Trans people are much more likely to experience eating disorders, but current care systems overlook their unique needs and often do more harm. These advocates are working to change that.
Bee, a transgender, genderqueer person living in Portland, Oregon, once worked as a therapist serving trans, nonbinary, and intersex clients with eating disorders (EDs).
Now, they’re back in recovery from their own ED.
Bee, 36, was diagnosed with anorexia nervosa at 14 and entered recovery for the first time as a teen. They identified as recovered by their 20s, but during the COVID-19 pandemic, they said, they experienced “a full-blown relapse.”
Bee said their trans identity influences their ED, as it does for many people. Yet, they said that frontline ED treatment modalities often exclude, erase, or even harm trans folks in recovery.
Experts and advocates say that Bee is far from alone in feeling that way.
Trans people are more likely to experience eating disorders
Bee said their relationships with their body and food began to shift when puberty started.
“While I wasn’t necessarily cognizant of it at the time, looking back at it, there was definitely a lot of gender stuff at play,” they told Healthline. “I was just trying to take up as little space as possible.”
They said their gender dysphoria — extreme physical and emotional discomfort caused by perceiving your body as incongruent with your gender — continues to contribute to their ED.
Research suggests that trans people are much more likely to develop EDs and engage in disordered eating than cisgender people, and dysphoria likely plays a role (
A study including more than 289,000 college students, 479 of whom were transgender, found that rates of ED diagnoses and disordered eating behaviors were much higher among trans students (3).
More than 15% of the trans people surveyed reported ED diagnoses, compared with 0.55% of the cisgender, heterosexual men and 1.85% of the cisgender, heterosexual women (3).
Unpacking the disparity
While there are no clear causes of EDs in any population, several risk factors appear to contribute.

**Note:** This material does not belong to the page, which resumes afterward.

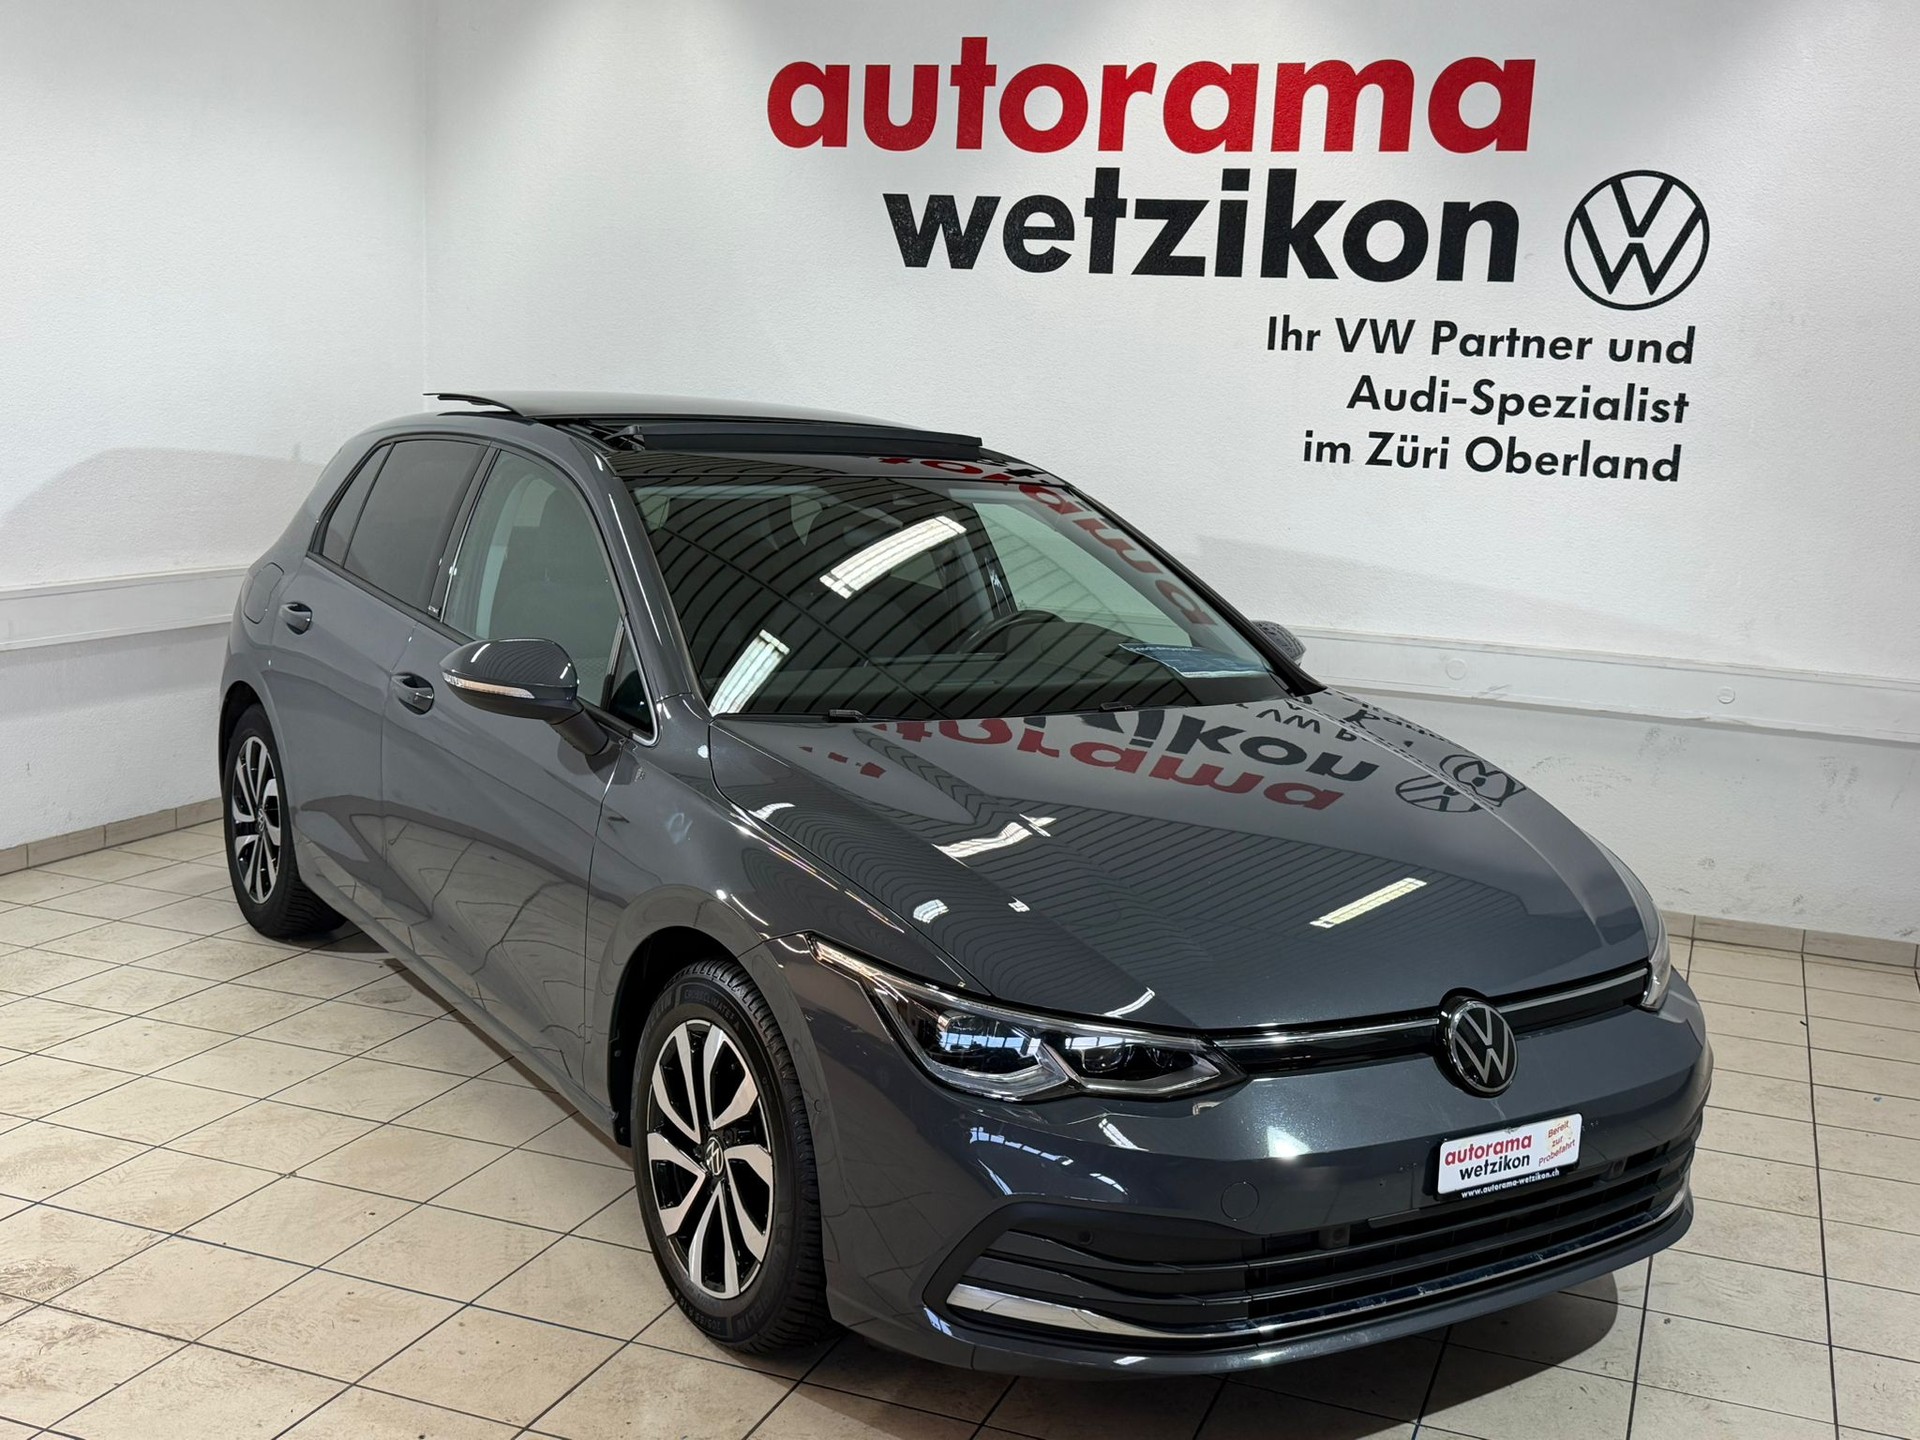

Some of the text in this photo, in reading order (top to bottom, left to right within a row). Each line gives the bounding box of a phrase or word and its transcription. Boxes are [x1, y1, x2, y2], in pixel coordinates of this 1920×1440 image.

Trans people can contend with many of the same risk factors as cis people, such as trauma and food insecurity, but they may be more likely to experience them as a result of living in a transphobic society, according to Hannah Coakley, MS, RD.

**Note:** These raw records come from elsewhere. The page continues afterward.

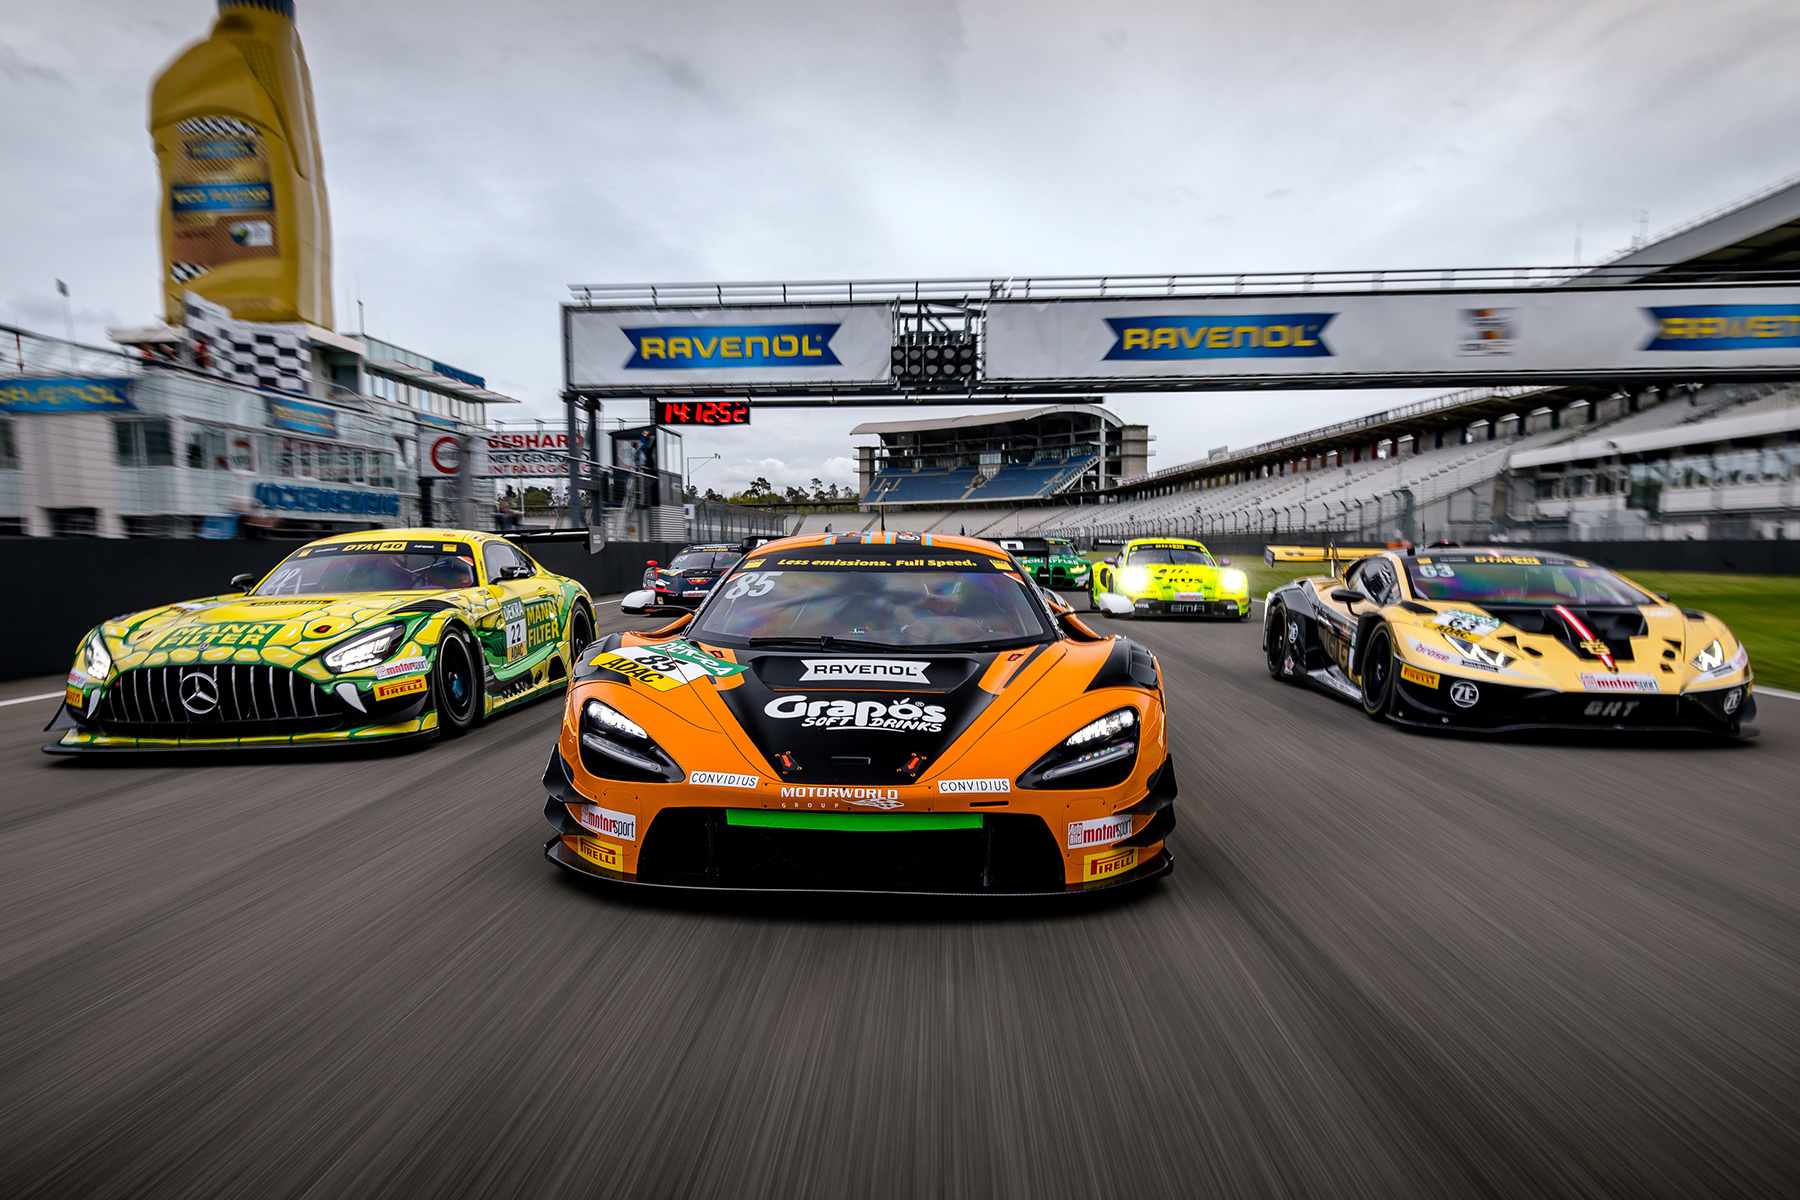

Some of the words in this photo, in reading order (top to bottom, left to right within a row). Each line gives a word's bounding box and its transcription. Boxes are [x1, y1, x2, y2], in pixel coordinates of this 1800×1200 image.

[640, 334, 822, 360] RAVENOL
[1123, 325, 1318, 350] RAVENOL
[342, 543, 381, 552] DTM
[383, 542, 403, 550] 40
[811, 559, 892, 567] emissions.
[927, 559, 978, 568] Speed.
[1419, 562, 1455, 577] 63
[724, 571, 784, 599] 85
[503, 600, 524, 621] DEKRA
[526, 601, 557, 626] MANN
[159, 632, 260, 648] FILTER
[172, 624, 277, 638] MANN
[510, 623, 521, 645] 22
[528, 621, 560, 648] FILTER
[650, 641, 734, 676] DEKRA
[1415, 643, 1450, 663] brose
[601, 658, 664, 682] ADAC
[634, 655, 689, 672] 85
[813, 664, 918, 676] RAVENOL
[1403, 667, 1436, 686] PIRELLI
[378, 679, 422, 697] PIRELLI
[801, 716, 854, 727] SOFT
[868, 717, 942, 733] DRINKS
[691, 772, 757, 788] CONVIDIUS
[940, 780, 1009, 792] CONVIDIUS
[780, 787, 898, 800] MOTORWORLD
[580, 838, 617, 865] PIRELLI
[1090, 848, 1135, 876] PIRELLI

Coakley is a nonbinary, queer dietitian who works with clients in ED recovery through their private practice, Pando Wellness, in New York. Nearly half their clients identify across the transgender spectrum.
Coakley said trans folks face additional social, environmental, and physical experiences that influence the rates of EDs. For example, while not all trans people experience gender dysphoria, many do — and they’re subjected to increased scrutiny of their bodies.
While cis people can experience body dissatisfaction, gender dysphoria is different. It’s often an “intolerable physical experience,” Coakley said — one that can make your body feel foreign, detached, or terrifying because it doesn’t align with your gender.
Gender dysphoria and body dissatisfaction can co-occur. The dysphoria element, though, is a trauma specific to trans and nonbinary people.
Many trans people lack social support to transition or access to the gender-affirming medical care — including puberty blockers, hormone replacement therapy (HRT), and surgery — that can help ease dysphoria.
As a result, disordered eating may emerge as an attempt to control a body’s gendered characteristics, according to Coakley.
For example, trans men and transmasculine people sometimes report restricting food intake in order to shrink body parts that induce dysphoria, such as hips or chests, or to stop menstruation (5).
It’s not just gender dysphoria itself: Transphobic discrimination and bullying may also affect EDs, especially among youth (6, 7).